When restrictions for Level 5 were announced in Ireland at the end of October, headlines in the newspapers the next day carried phrases like: “6 weeks to save Christmas” or  “ Ireland has six weeks to save Christmas in order to have December joy”, or ‘Will Christmas be cancelled?” It sounded like a plotline from Dr. Seuss’ ‘The Grinch Stole Christmas.”

As I reflected, I thought, “We cannot save Christmas”, rather it is ‘Christmas that saves us”.
If we go back to the reason for the season, it is Jesus. Jesus, the Emmanuel, Jesus our Saviour, Jesus the Child of Bethlehem.

This year, we are being called to celebrate a simple Christmas, one which this year for many reasons, resembles the first one 2000 years ago. And that’s okay- our faith, our family, our friends, gratitude for life,  memories of those who are not around the Christmas table this year, for different reasons- in the sacred space of the Word made Flesh, we are grateful.

We are called to live simply this Christmas, so that, realistically yet poignantly, others may simply live.

A few weeks ago a Spanish priest called Fr.
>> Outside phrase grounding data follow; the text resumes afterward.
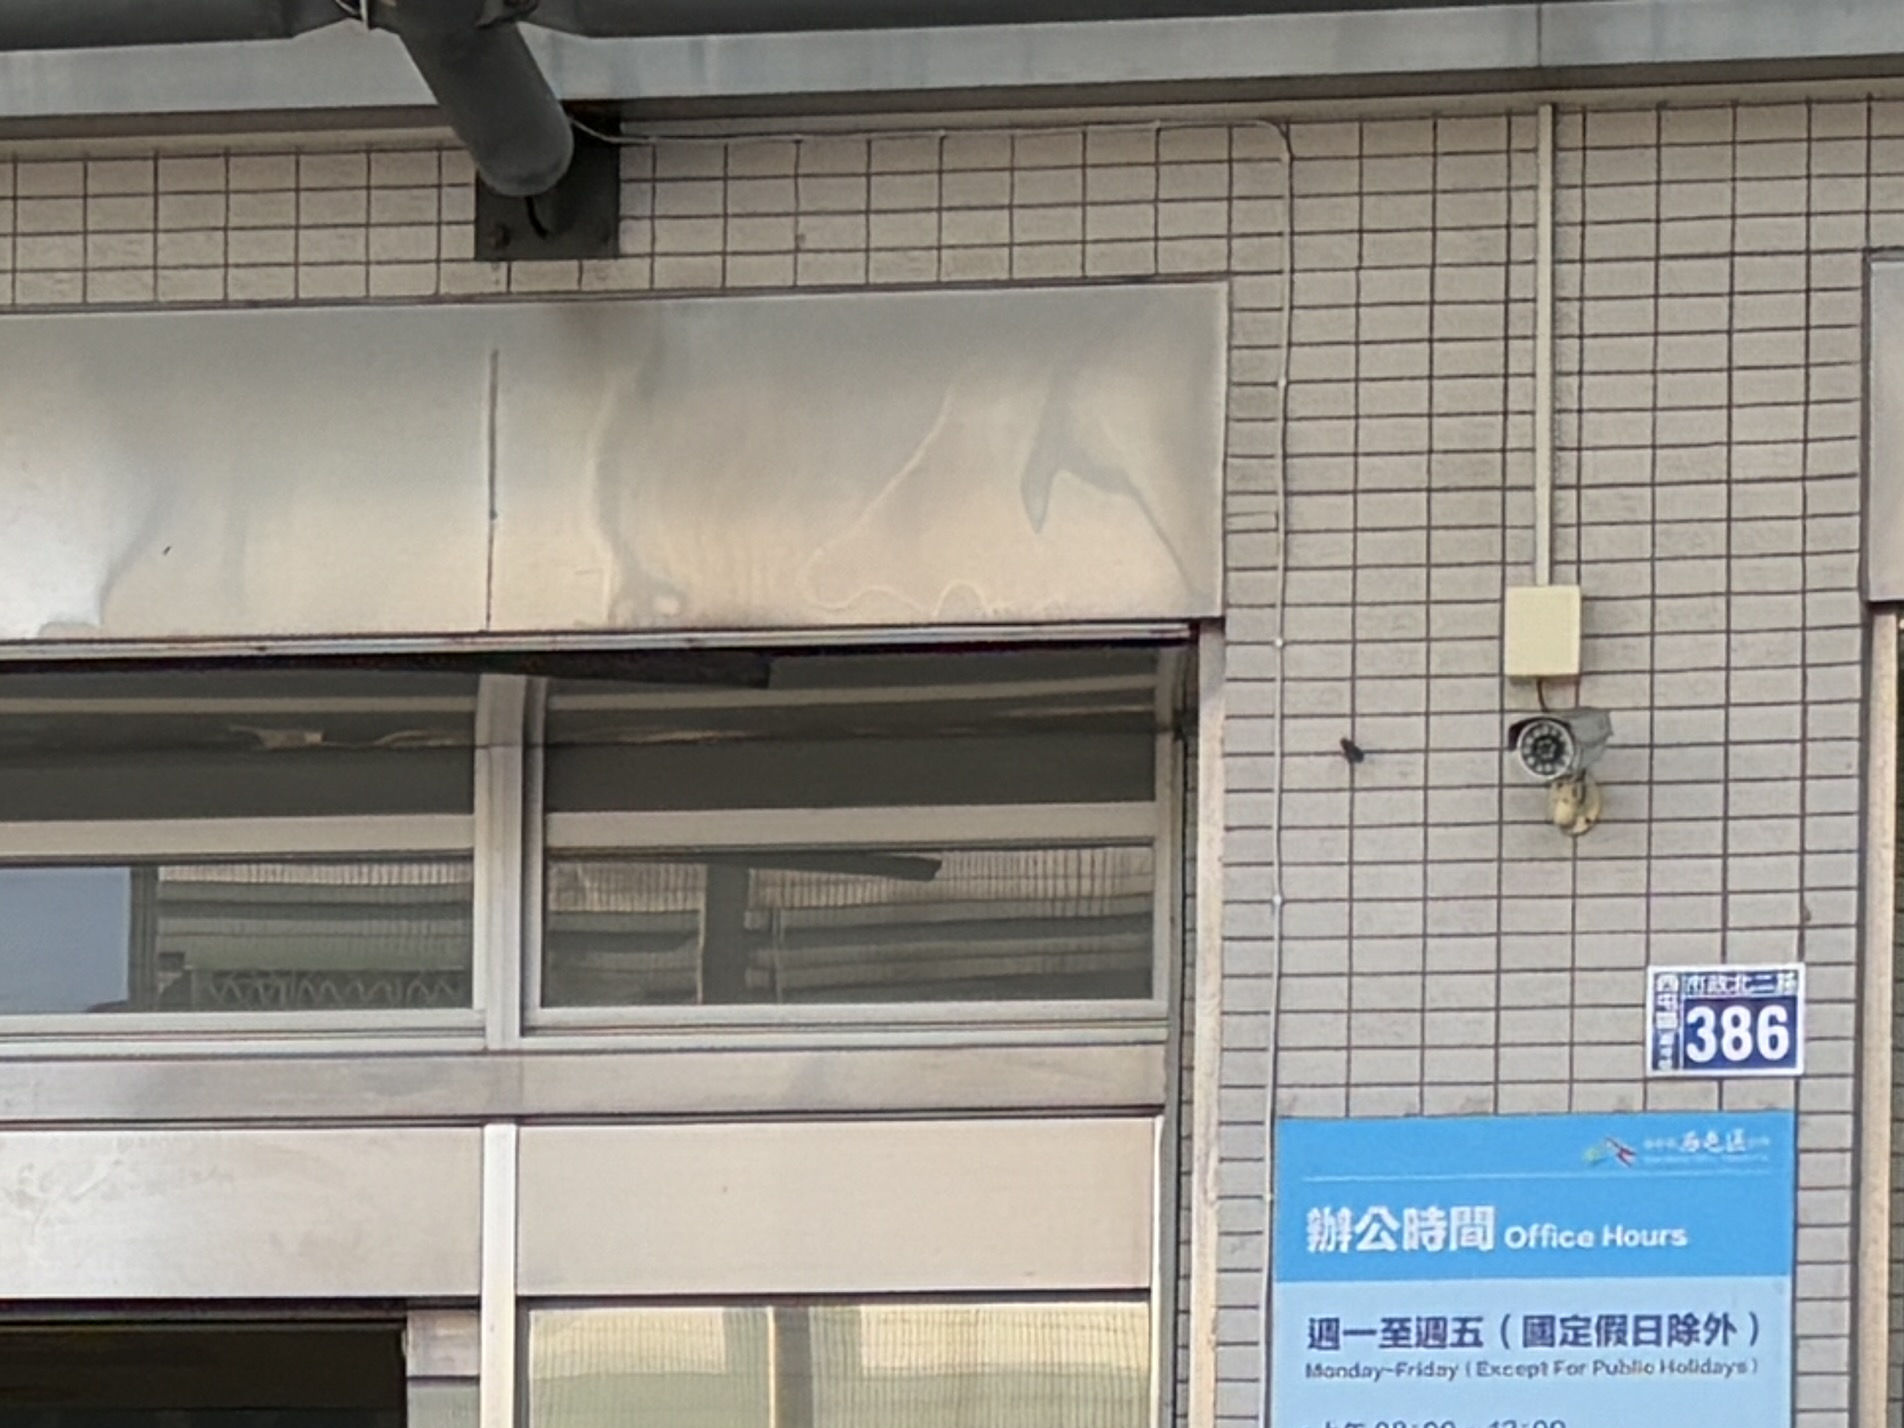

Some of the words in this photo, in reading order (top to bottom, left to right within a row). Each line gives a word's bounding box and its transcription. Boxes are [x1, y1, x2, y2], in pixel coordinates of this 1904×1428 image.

[1686, 1005, 1790, 1063] 386
[1306, 1205, 1496, 1254] 辦公時間
[1504, 1223, 1594, 1250] Office
[1602, 1223, 1689, 1248] Hours
[1553, 1359, 1587, 1377] For
[1592, 1358, 1656, 1376] Public
Javier Leoz from Pamplona, prepared a reflection on how this Christmas during the corona pandemic can actually be more like the first one.  Pope Francis himself even called the priest to commend him on recalling people to live a simpler and quieter Christmas this year and as a consequence focus on the honouring the birth of Jesus.

The text, entitled “Will there be Christmas?” and presented as a poem, reaffirms the true meaning of Christmas. Certainly, the end of this year is likely to be less hectic than we’re used to, Fr. Leoz points out. But that’s just the point; it’s an opportunity to finally experience the silence and peace of Bethlehem.
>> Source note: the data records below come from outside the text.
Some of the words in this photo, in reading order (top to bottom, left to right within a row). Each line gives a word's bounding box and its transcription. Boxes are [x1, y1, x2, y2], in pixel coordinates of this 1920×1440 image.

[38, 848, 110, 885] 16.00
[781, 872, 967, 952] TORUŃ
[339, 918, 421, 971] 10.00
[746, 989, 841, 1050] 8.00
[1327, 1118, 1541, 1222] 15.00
I’d like to share this text with you:

Will there be Christmas?

Of course!

More silent and with more depth.
More like unto the first one, when Jesus was born in solitude.
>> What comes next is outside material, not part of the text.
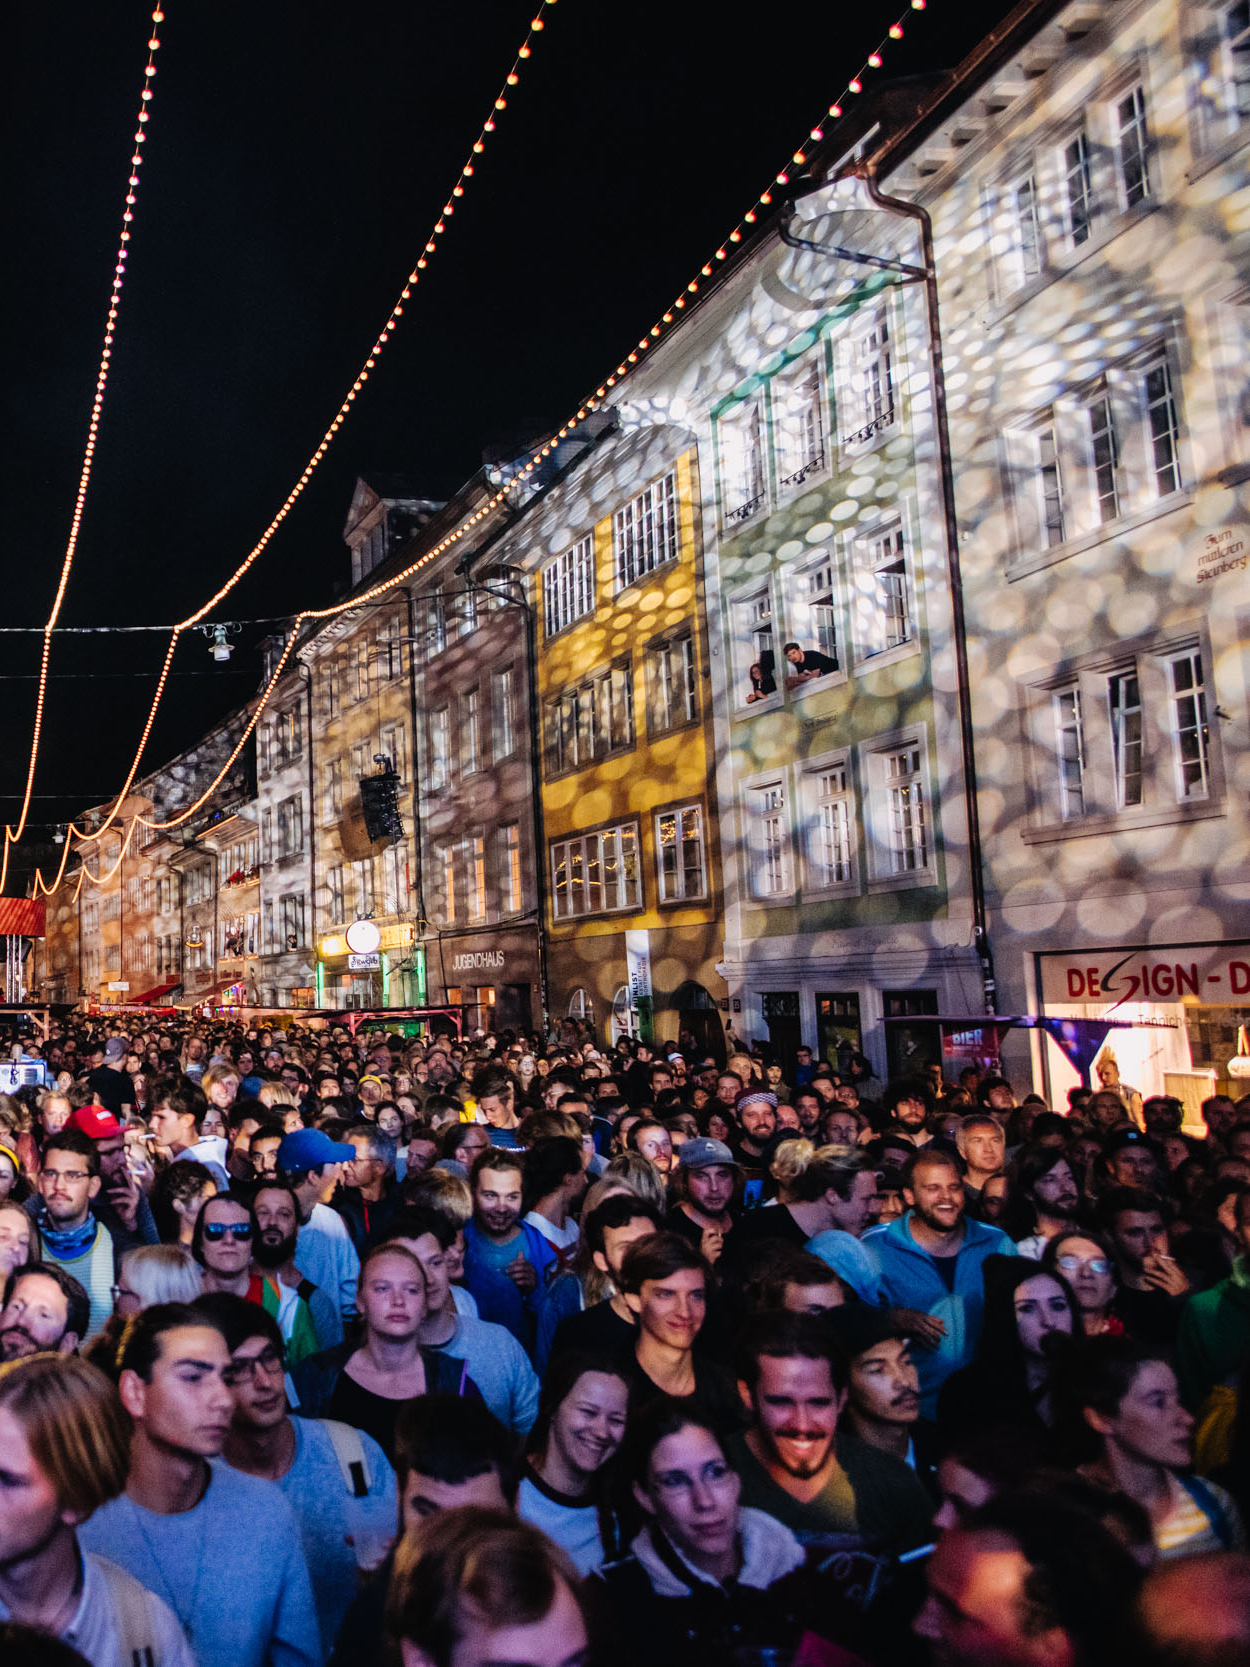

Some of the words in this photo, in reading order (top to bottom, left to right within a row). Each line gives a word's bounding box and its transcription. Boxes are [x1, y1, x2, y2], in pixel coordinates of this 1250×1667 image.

[452, 950, 505, 970] JUGENDHAUS
[1067, 953, 1200, 1013] DESIGN
[952, 1029, 983, 1045] BIER
Without many lights on earth
but with the star of Bethlehem
shining on paths of life in its immensity.

Without colossal royal processions
but with the humility of feeling as if we are
shepherds, young and old, seeking the Truth.

Without big tables and with bitter absences
but with the presence of a God who will fill everything.

Will there be Christmas? Of course!

Without streets overflowing with people
with our hearts burning
for the One who is about to arrive.

Without noise or festivals,
complaints or shop stampedes …
but living the Mystery without fear
of the “COVID-Herod” that tries to
rob us even of the dream of waiting.

There will be Christmas because GOD is on our side
and He shares, as Christ did in a manger,
our poverty, trials, tears, anguish and orphanhood.

There will be Christmas because we need
a divine light in the midst of such darkness.
COVID-19 will never be able to reach the heart or soul
of those who put their hope and their high ideal in heaven.

THERE WILL BE CHRISTMAS! WE WILL SING CHRISTMAS CAROLS!

GOD WILL BE BORN AND WILL BRING US FREEDOM!

(J. Leoz)

The piece of music I would like to share with you is from an artist called Chris Tomlin with a song entitled simply; “Christmas Day”.


When you listen to the verses you hear the words
: “ He was born to conquer the grave, light of the world- the reason for Christmas Day.  Stars we have seen, deserts and oceans, the darkness was deep, but never hopeless, redemption came and His name is Jesus.”  This is our reason to hope!

Yes, there will be Christmas. Christmas is not cancelled. May these extraordinary times, where we are distant but still present, virtual but still connected, apart but still united, help us recall the reason for the season: that every life is precious and that the birth of Jesus  in a stable in Bethlehem, like the birth of every child, is a sign that life will go on! Christ our Emmanuel is our joy, our hope, our life!